During planarization of wafers, the thickness of a layer of a wafer is measured at a number of locations, after the wafer has been planarized by chemical mechanical polishing. The thickness measurements are used to automatically determine, from a center to edge profile model to which the measurements are fit, a parameter that controls chemical mechanical polishing, called “backside pressure.” backside pressure is determined in some embodiments by a logic test based on the center-to-edge profile model, coefficient of determination R-square of the model, and current value of backside pressure. Note that a “backside pressure” set point is adjusted only if the fit of the measurements to the model is good, e.g. as indicated by R-square being greater than a predetermined limit.
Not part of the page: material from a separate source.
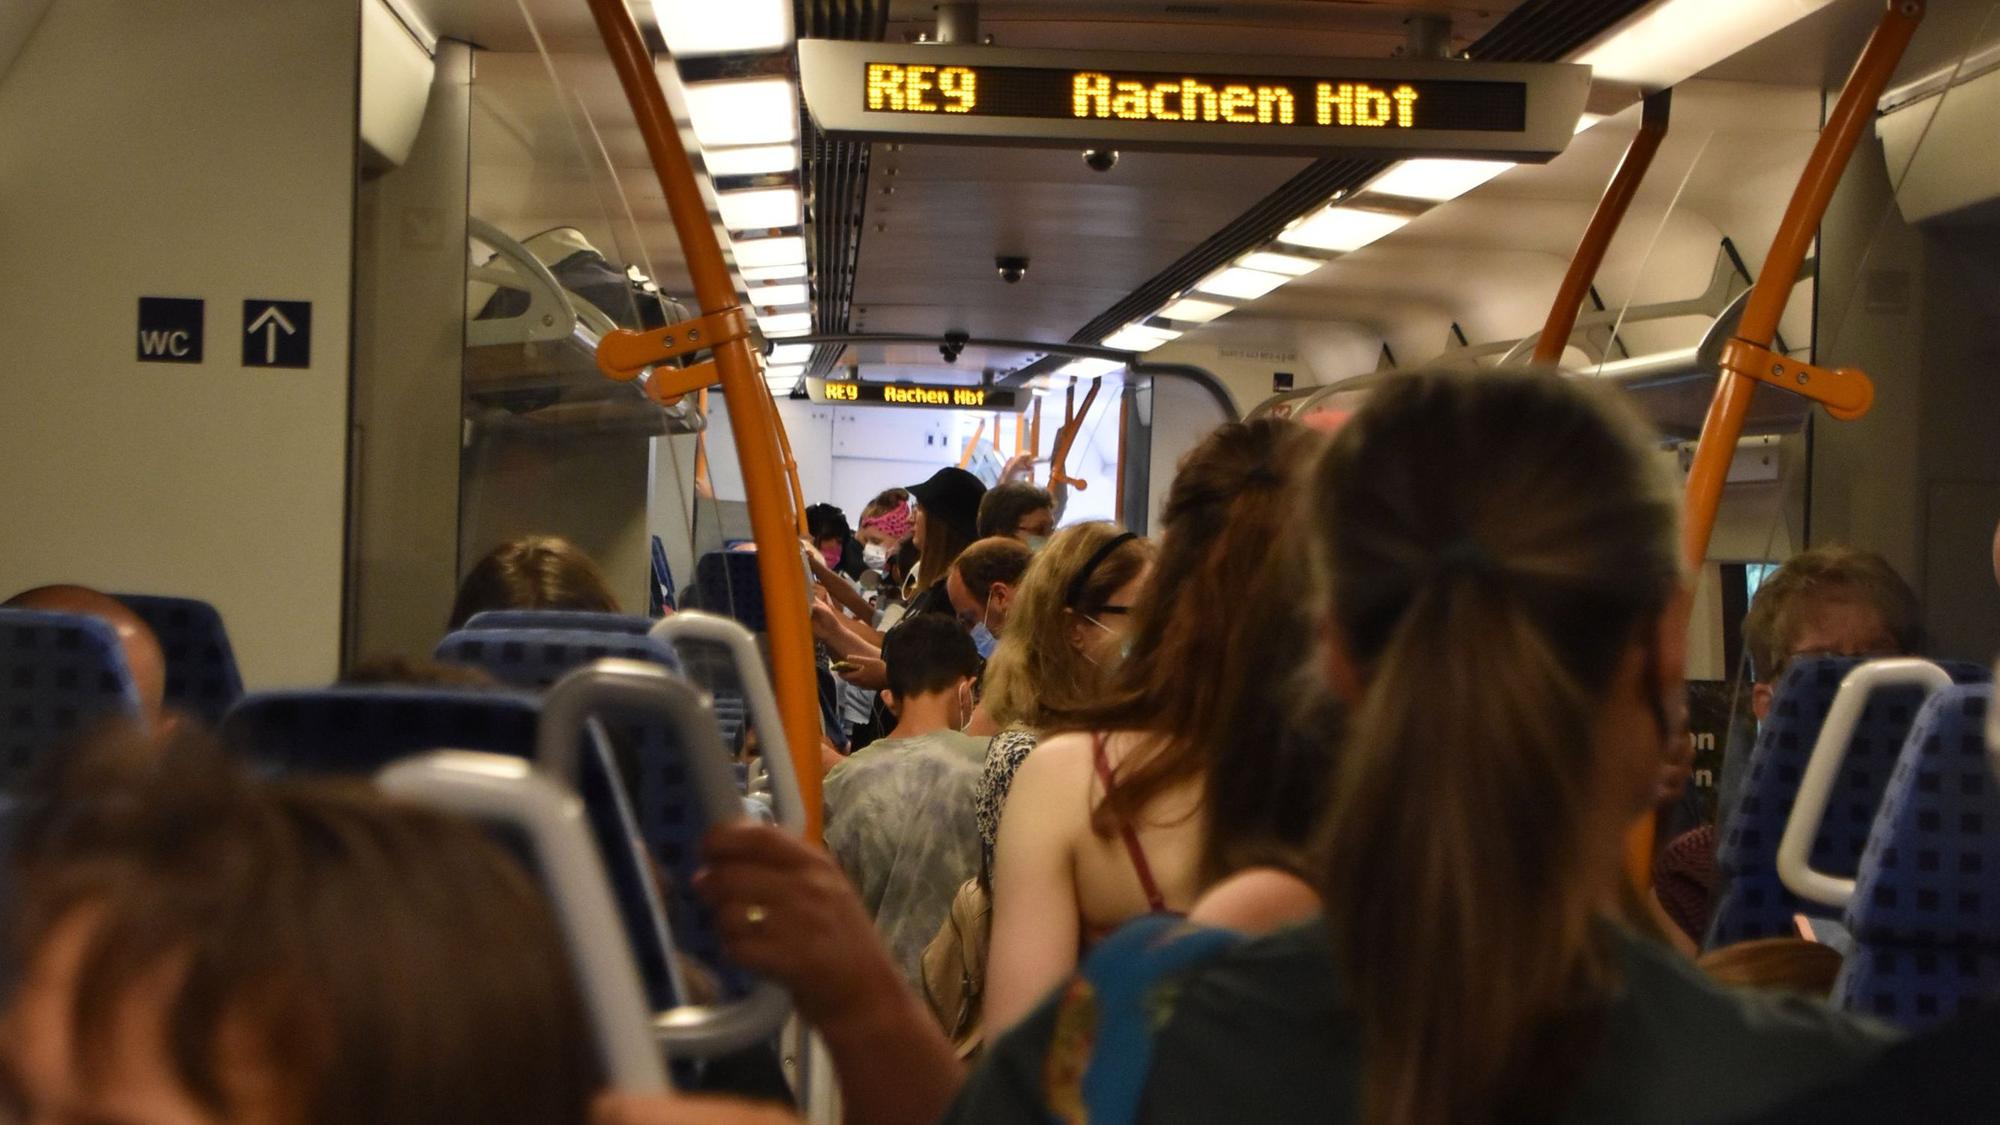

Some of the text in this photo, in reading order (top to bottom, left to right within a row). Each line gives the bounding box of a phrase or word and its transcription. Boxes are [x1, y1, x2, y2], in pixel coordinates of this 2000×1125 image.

Next, the backside pressure that has been determined from the model is used in planarizing a subsequent wafer.
|
10. A method of controlling operation of a chemical mechanical polishing tool, the method comprising:
receiving a plurality of measurements of thickness of at least one layer of a wafer from a metrology tool;
fitting the plurality of measurements to a straight line;
computing a backside pressure by using at least (a) a slope of the straight line, and (b) an indication of fit of the plurality of measurements to the straight line; and
supplying the backside pressure to the chemical mechanical polishing tool, to control operation thereof.
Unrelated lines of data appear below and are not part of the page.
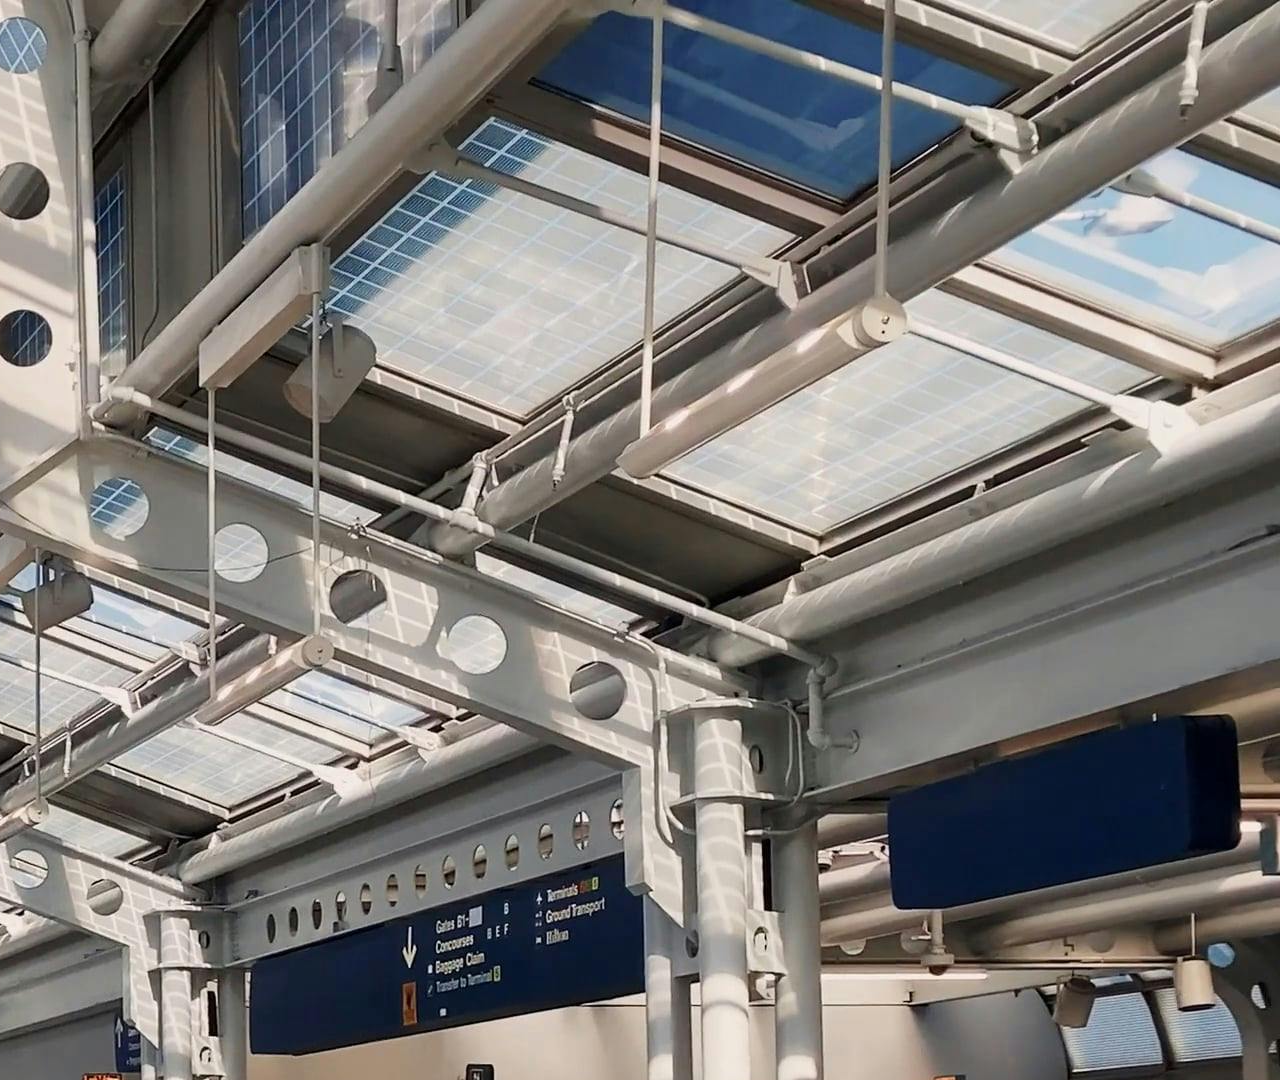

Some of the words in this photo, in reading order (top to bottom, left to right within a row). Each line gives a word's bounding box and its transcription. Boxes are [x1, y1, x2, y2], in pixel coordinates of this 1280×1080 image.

[546, 905, 571, 924] Ground
[571, 896, 605, 917] Transport
[436, 934, 474, 954] Concourses
[503, 923, 509, 936] F
[435, 957, 464, 975] Baggage
[465, 950, 485, 967] Claim
1. A method of planarizing wafers, the method comprising:
measuring thickness of a layer of a wafer already planarized by chemical mechanical polishing, the thickness being measured at a plurality of locations on the wafer to yield a plurality of measurements;
automatically fitting the plurality of measurements to a model of a profile of the wafer;
automatically computing a new backside pressure to be used in chemical mechanical polishing based on the model; and
planarizing another wafer by chemical mechanical polishing, at the new backside pressure obtained from automatically computing.
11. A computer programmed to automatically control operation of a chemical mechanical polishing tool, the computer comprising:
means for receiving a plurality of measurements of thickness of at least one layer of a wafer from a metrology tool;
means for fitting the plurality of measurements to a straight line;
means for computing a backside pressure by using at least (a) a slope of the straight line, and (b) an indication of fit of the plurality of measurements to the straight line; and
means for supplying the backside pressure to the chemical mechanical polishing tool, to control operation thereof.
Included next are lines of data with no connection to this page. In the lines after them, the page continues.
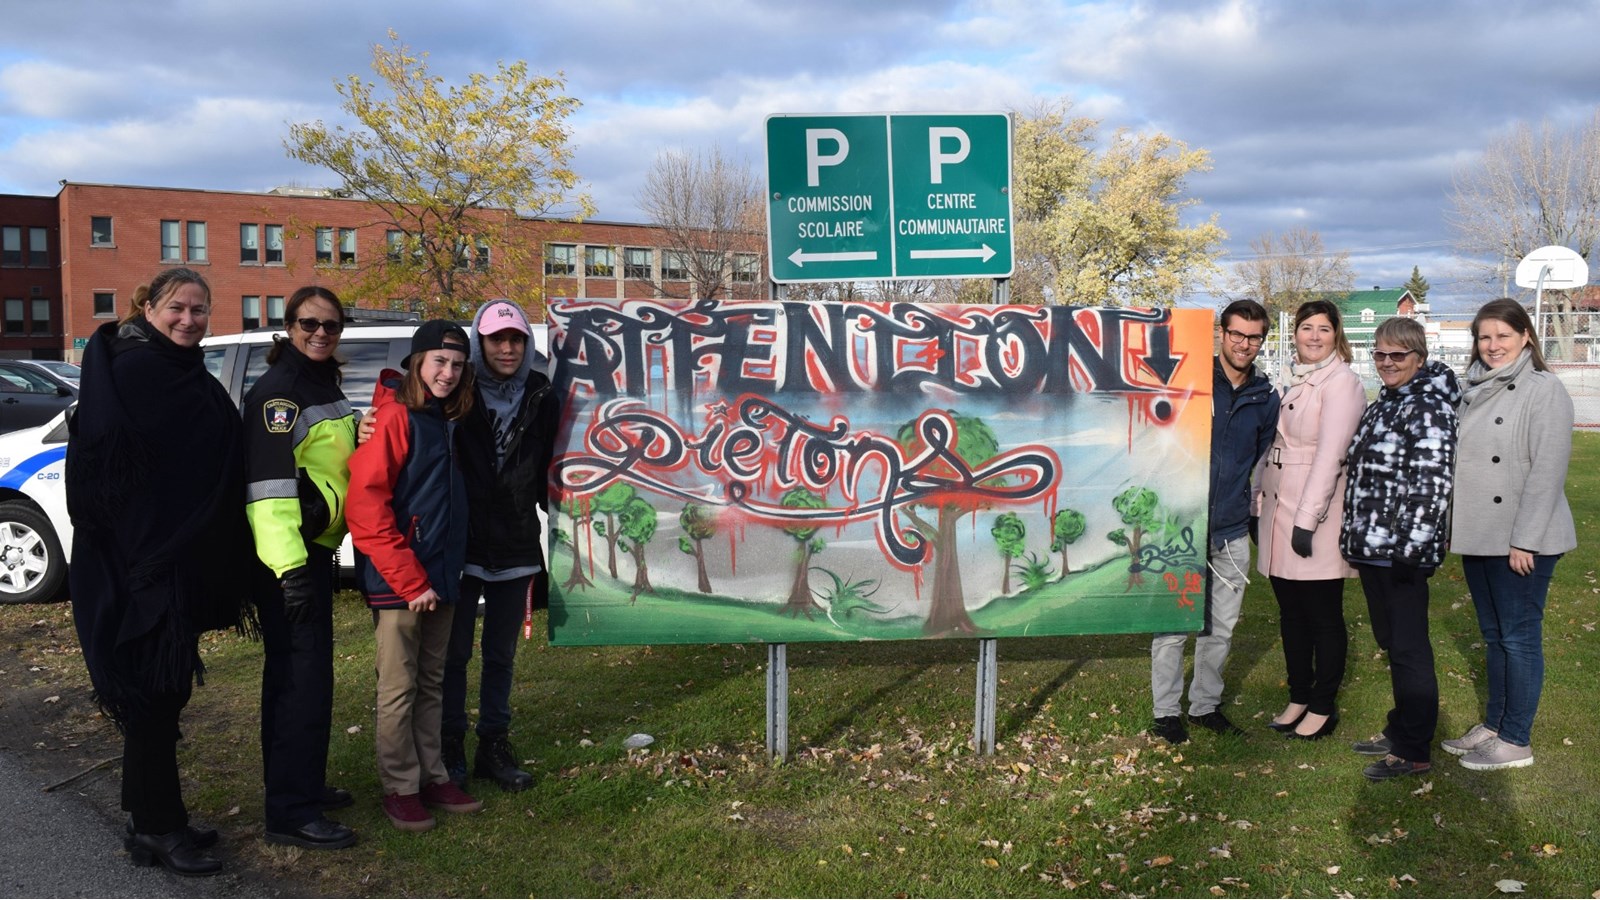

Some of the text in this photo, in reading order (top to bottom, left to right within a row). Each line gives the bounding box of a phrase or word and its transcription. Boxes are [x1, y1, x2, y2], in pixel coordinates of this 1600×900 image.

[805, 128, 850, 187] P
[928, 126, 971, 184] P
[788, 195, 873, 213] COMMISSION
[927, 193, 977, 210] CENTRE
[798, 220, 865, 239] SCOLAIRE
[899, 218, 1006, 236] COMMUNAUTAIRE
[37, 472, 60, 480] C-20
12. A computer readable storage medium having stored therein a plurality of sequences of instructions, said plurality of sequences of instructions comprising instructions which, when executed by a computer, cause the computer to automatically:
receive a plurality of measurements of thickness of at least one layer of a wafer from a metrology tool;
fit the plurality of measurements to a straight line;
compute a backside pressure by using at least (a) a slope of the straight line, and (b) an indication of fit of the plurality of measurements to the straight line; and
supply the backside pressure to the chemical mechanical polishing tool, to control operation thereof.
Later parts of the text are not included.